1 2 4 Next
Topic: what do u say to a girl u just met to keep the conversation
PacificStar48's photo
Wed 10/03/07 09:31 PM
Ice breakers in most situations are questions that are open but not as wide as the Ocean. Sometimes qualifying the question or giving a little info about yourself makes it less intimidateing. Like "I was listening to so and so the radio in my car and I wondered what kind of music you like?" "I like to watch my weight but I have just been dieing for a really fresh donut. Do you know where a great coffee shop is?" "My first car was ----- but what would be your dream car?" "I want to buy my friend a movie for Christmas what do you think would be a good one?"

goldenstar's photo
Wed 10/03/07 09:32 PM
ask her for her opinion on ....anything

YeaBigsexy's photo
Wed 10/03/07 09:39 PM
what do u say to a girl u just met to keep the conversation?
Hey baby!Let go home and f!ck!!!
devil devil bigsmile

PacificStar48's photo
Wed 10/03/07 09:43 PM
Jumping off the phone constantly is annoying. Tends to make a person wonder who came in the room and if the person already has a partner. Also the folks who call from work make me wonder how responsible and honest they are. If they rip off the job then what about you later. The idea of a list of questions is not totally off base but building on frevious comments will make a person feel like you are listening to what they are saying.

passionart's photo
Wed 10/03/07 10:06 PM
Take all the pressure you are putting on yourself away. Forcing the right words to appear, will only make it worse. Besides, if she feels you too, she will understand and appreciate your position.

no photo
Wed 10/03/07 10:30 PM

Ive never phoned girls that I met here, guys I did laugh



But I bet my man enjoys phone conversations with me because most of the times we laugh laugh . One time I IMed him and asked to call me and he did, and he didnt get bored listening to me crying, lol!
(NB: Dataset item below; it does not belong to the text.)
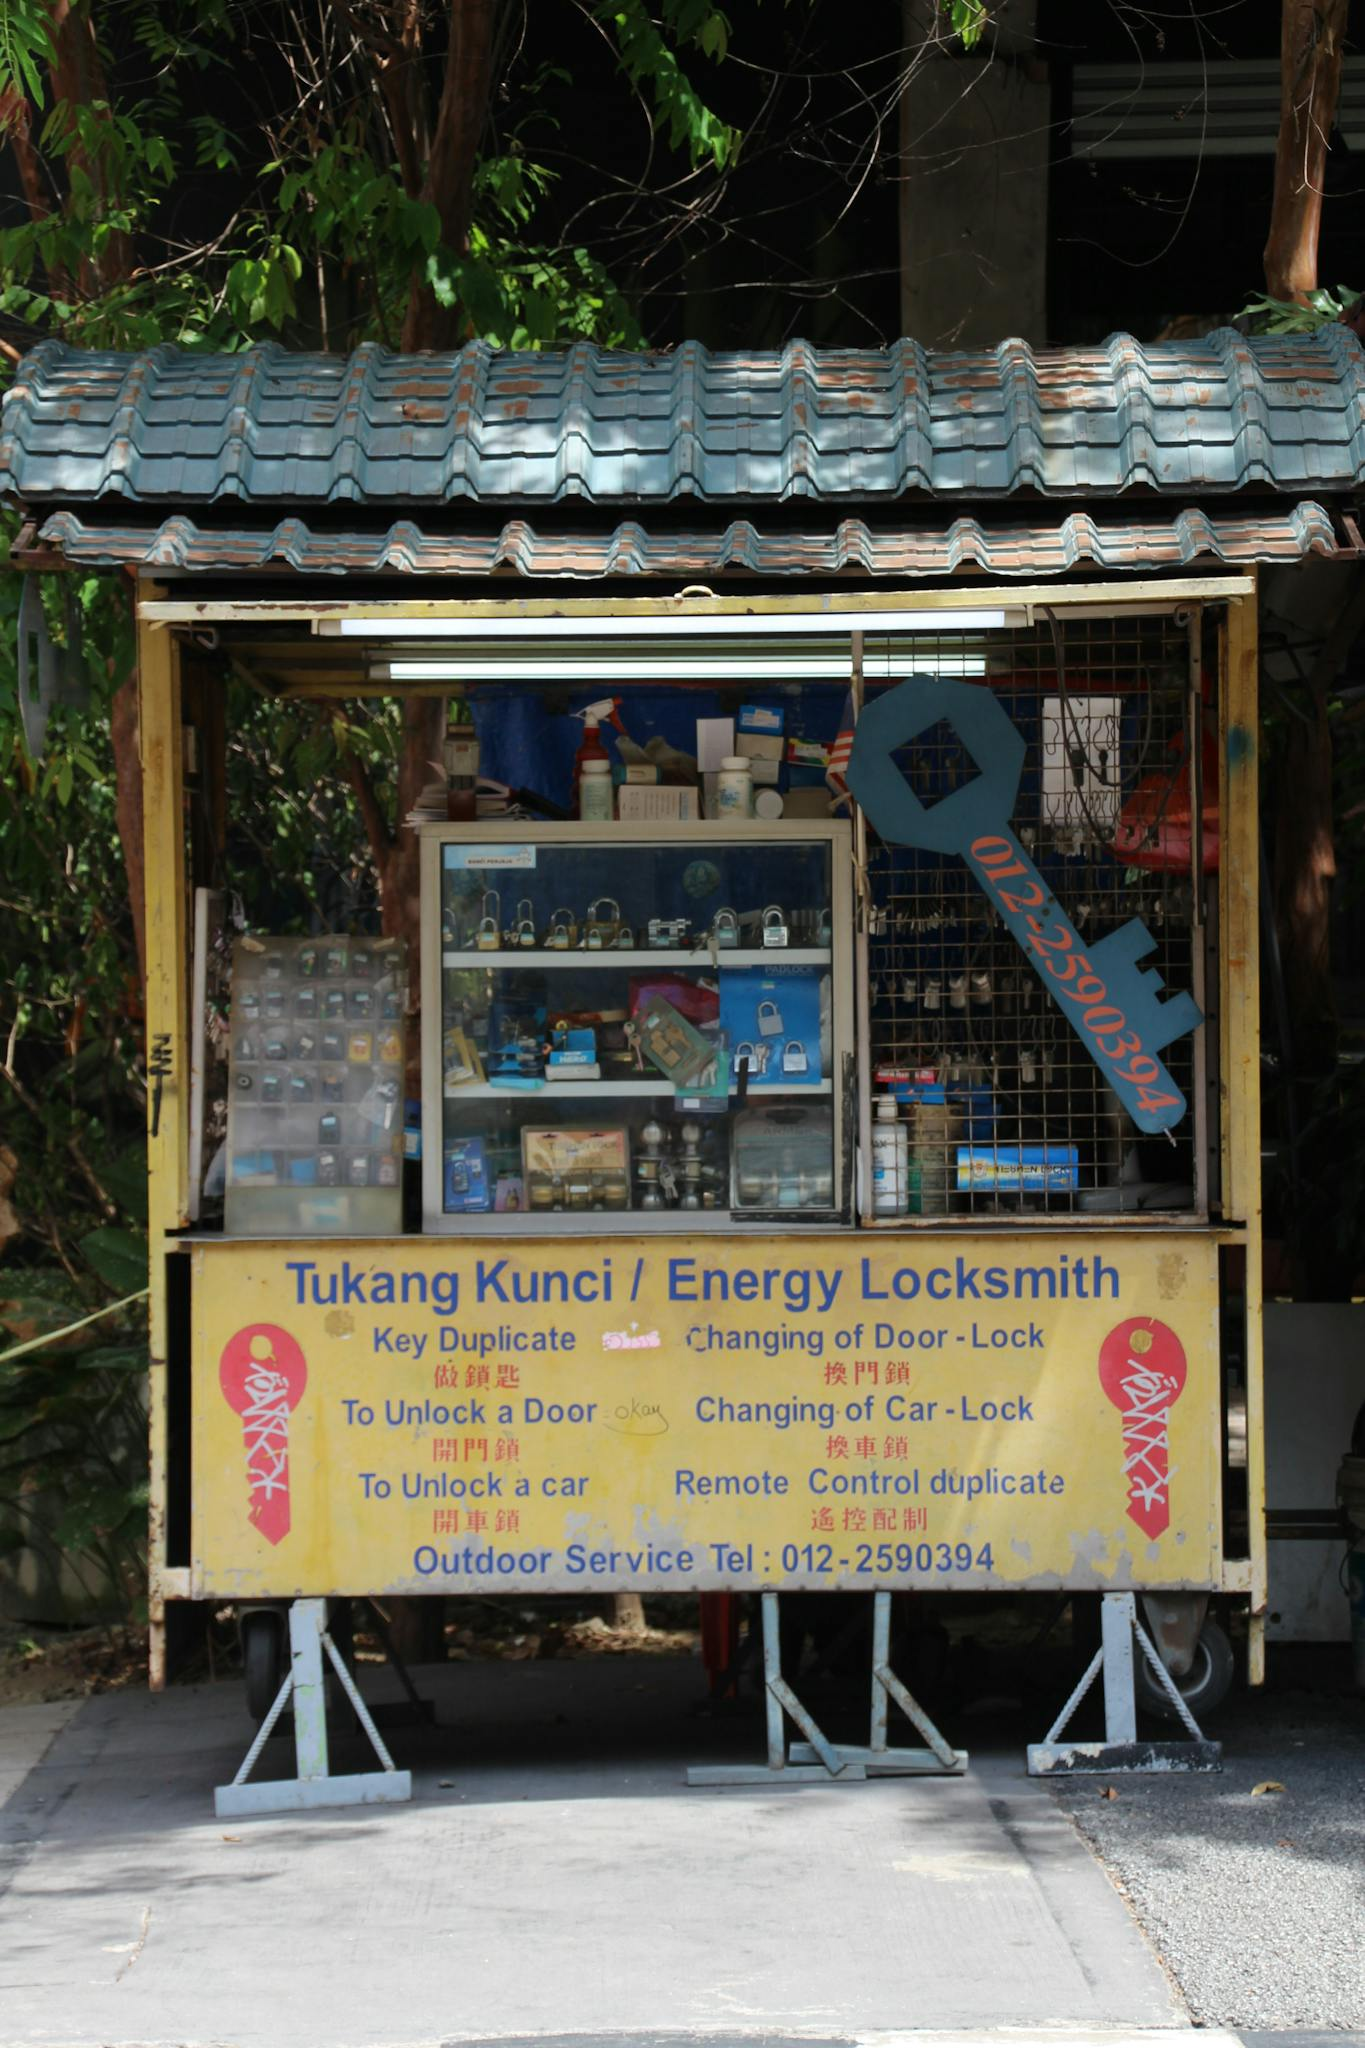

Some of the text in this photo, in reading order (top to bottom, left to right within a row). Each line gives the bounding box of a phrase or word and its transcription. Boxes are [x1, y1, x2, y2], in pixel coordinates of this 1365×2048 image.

Anyways, it is all international call! :tongue:

no photo
Thu 10/04/07 02:20 AM
Talk about what your interested in, and what you belive in and value. Unless your talking for several days streight, that should take quite a while. Also ask her about her day. Personally though, unless your talking non stop, if you run out of things to talk about fairly quickly, like within the first few hours, your either shy or might not have the same interests or chemistry. For me, if i can't talk to a girl for more then a week without getting bored (assuming its an hour or two at most a night) then it's probly not ment to be. Now if your both silent people or not phone talkers, then i would take that into consideration as well :)

kojack's photo
Thu 10/04/07 06:30 AM
i don t know never had that problem. I met someone yesterday, we emailed on here then went to IM and we have talked almost 4 hrs on phone 2 hrs at each clip.

We talked about likes,dislikes,goals for future,children or no children,work,childhood memories,when we can see each other,schedule for tomorrow and weekendso we can talk more,things on jsh.....
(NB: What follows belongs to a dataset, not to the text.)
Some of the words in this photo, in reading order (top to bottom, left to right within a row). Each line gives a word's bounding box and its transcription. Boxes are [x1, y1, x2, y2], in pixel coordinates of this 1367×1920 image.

I'll ask her but i don't remember any silence or moments of awkwardness

oldsage's photo
Thu 10/04/07 07:57 AM
Have always been good & getting people to chat. Ask questions about them & their life. Can sense if person feels uncomfortable & let things go.

no photo
Thu 10/04/07 08:03 AM
Well first of all You are the MAN. You got a # and you have the chance to talk to a girl. First you have to want to get to know her. Its all about her right now. LISTEN let her know you are there for her. Then it will be your turn and you can brag about yourself. If you do not feel a match it is okay. I have faith that you will get alot of # on this web site. And than you will find yourself talking for hours because she will be your match. Don't give up . It's called dating. Make the best of it.

no photo
Thu 10/04/07 08:08 AM
ask her out if she lives nearby maybe a movie or whatever do some things together than youll have things you shared together to talk about .if you think you sound like an idiot who knows maybe she likes idiots.

PacificStar48's photo
Thu 10/04/07 08:48 AM
Sometimes talking is highly over rated. For some the gift for gab is essential and others just quite comfortable companionship is enough. If you have a love interest and you are contacting her regularly that person may not care about every thought or feeling that floats through your head and past your lips. Does this person sound like she is happy to hear from you? Maybe you are shy and that is just what she is looking forward. Obviously I am a very comunicative person but the great love of my life so far just said the essentials like I care about you, I am here, I want you to want me, how can I help, you make me feel special. His words were treasured because they were rare jewels.

arcadefan's photo
Thu 10/04/07 10:30 AM
i agree with all whom post there comments

what about if you talked about everything & there is nothing left to say?


no photo
Thu 10/04/07 10:32 AM
Ask her things about herself...family, interests, work, likes and dislikes...people like it when you show interest in them. It's thoughtful and will lead to them asking you questions about yourself.